### THE PROBLEM
For every record below, repeat the text exactly and pass over any image.

GIVEN RECORDS START

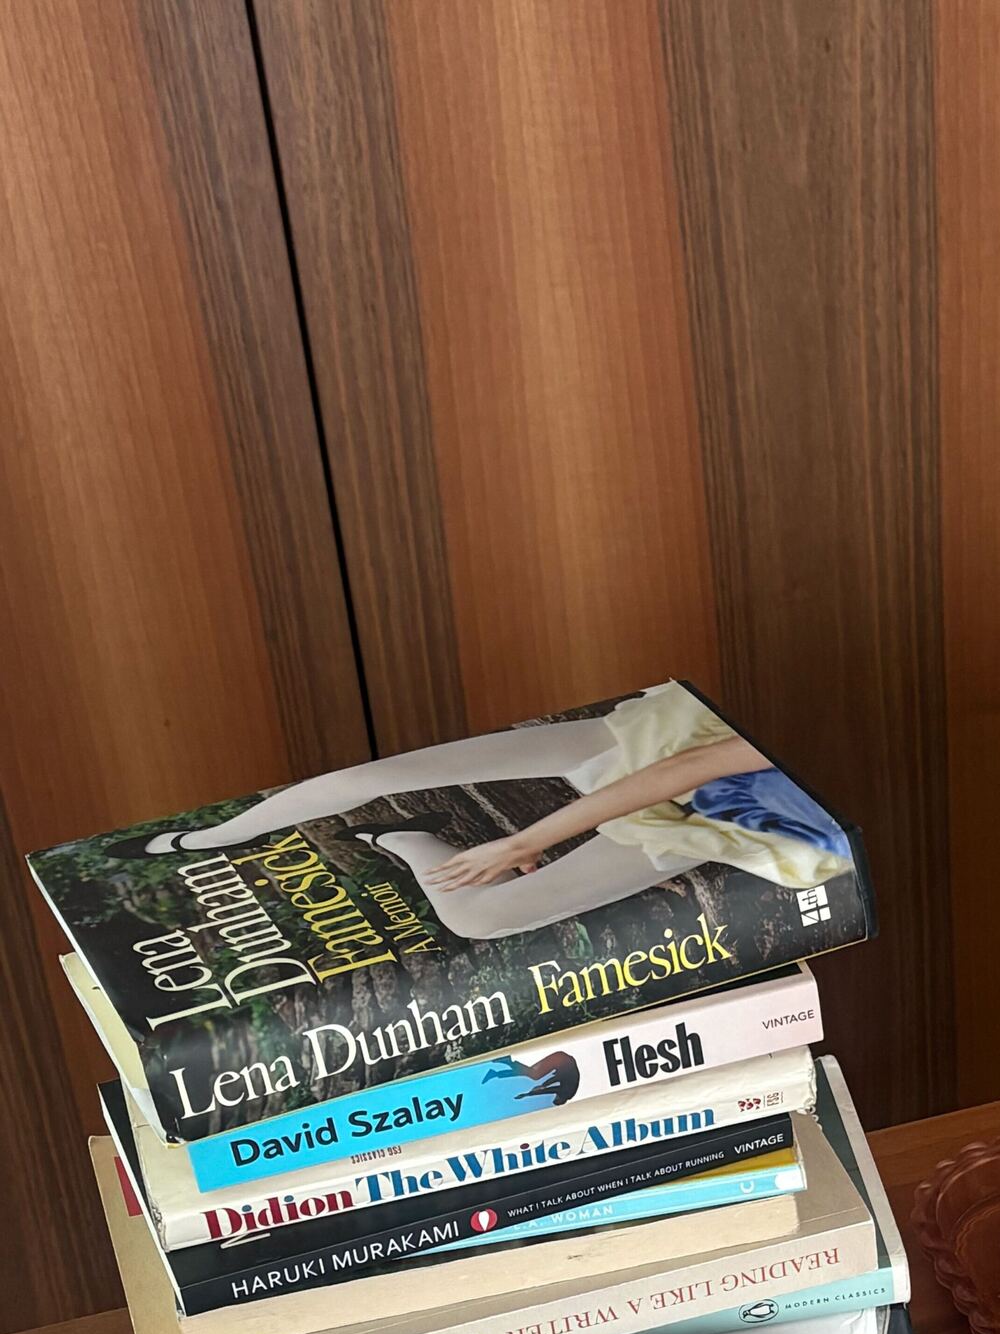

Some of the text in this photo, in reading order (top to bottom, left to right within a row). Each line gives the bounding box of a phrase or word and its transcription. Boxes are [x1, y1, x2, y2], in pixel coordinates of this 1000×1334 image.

[177, 853, 317, 1007] Dunham
[231, 830, 397, 983] Famesick
[361, 881, 442, 955] A Memoir
[132, 928, 233, 1031] Lena
[169, 913, 733, 1120] Lena Dunham Famesick
[230, 1009, 815, 1168] David Szalay Flesh VINTAGE
[201, 1107, 715, 1241] Didion The White Album
[350, 1147, 387, 1165] CLASSICS
[231, 1257, 326, 1299] HARUKI
[332, 1220, 460, 1271] MURAKAMI
[507, 1204, 535, 1219] WHAT
[541, 1196, 564, 1209] TALK
[565, 1187, 596, 1203] ABOUT
[597, 1180, 624, 1194] WHEN
[630, 1172, 653, 1185] TALK
[653, 1164, 684, 1179] ABOUT
[686, 1151, 724, 1169] RUNNING
[733, 1133, 784, 1155] VINTAGE
[550, 1205, 615, 1224] WOMAN
[626, 1299, 645, 1316] A
[650, 1280, 713, 1311] LIKE
[721, 1247, 841, 1293] READING
[785, 1287, 888, 1310] MODERN CLASSICS

GIVEN RECORDS END

### RESULT BELOW
Some of the text in this photo, in reading order (top to bottom, left to right within a row). Each line gives the bounding box of a phrase or word and its transcription. Boxes are [x1, y1, x2, y2], in pixel coordinates of this 1000×1334 image.

[177, 853, 317, 1007] Dunham
[231, 830, 397, 983] Famesick
[361, 881, 442, 955] A Memoir
[132, 928, 233, 1031] Lena
[169, 913, 733, 1120] Lena Dunham Famesick
[230, 1009, 815, 1168] David Szalay Flesh VINTAGE
[201, 1107, 715, 1241] Didion The White Album
[350, 1147, 387, 1165] CLASSICS
[231, 1257, 326, 1299] HARUKI
[332, 1220, 460, 1271] MURAKAMI
[507, 1204, 535, 1219] WHAT
[541, 1196, 564, 1209] TALK
[565, 1187, 596, 1203] ABOUT
[597, 1180, 624, 1194] WHEN
[630, 1172, 653, 1185] TALK
[653, 1164, 684, 1179] ABOUT
[686, 1151, 724, 1169] RUNNING
[733, 1133, 784, 1155] VINTAGE
[550, 1205, 615, 1224] WOMAN
[626, 1299, 645, 1316] A
[650, 1280, 713, 1311] LIKE
[721, 1247, 841, 1293] READING
[785, 1287, 888, 1310] MODERN CLASSICS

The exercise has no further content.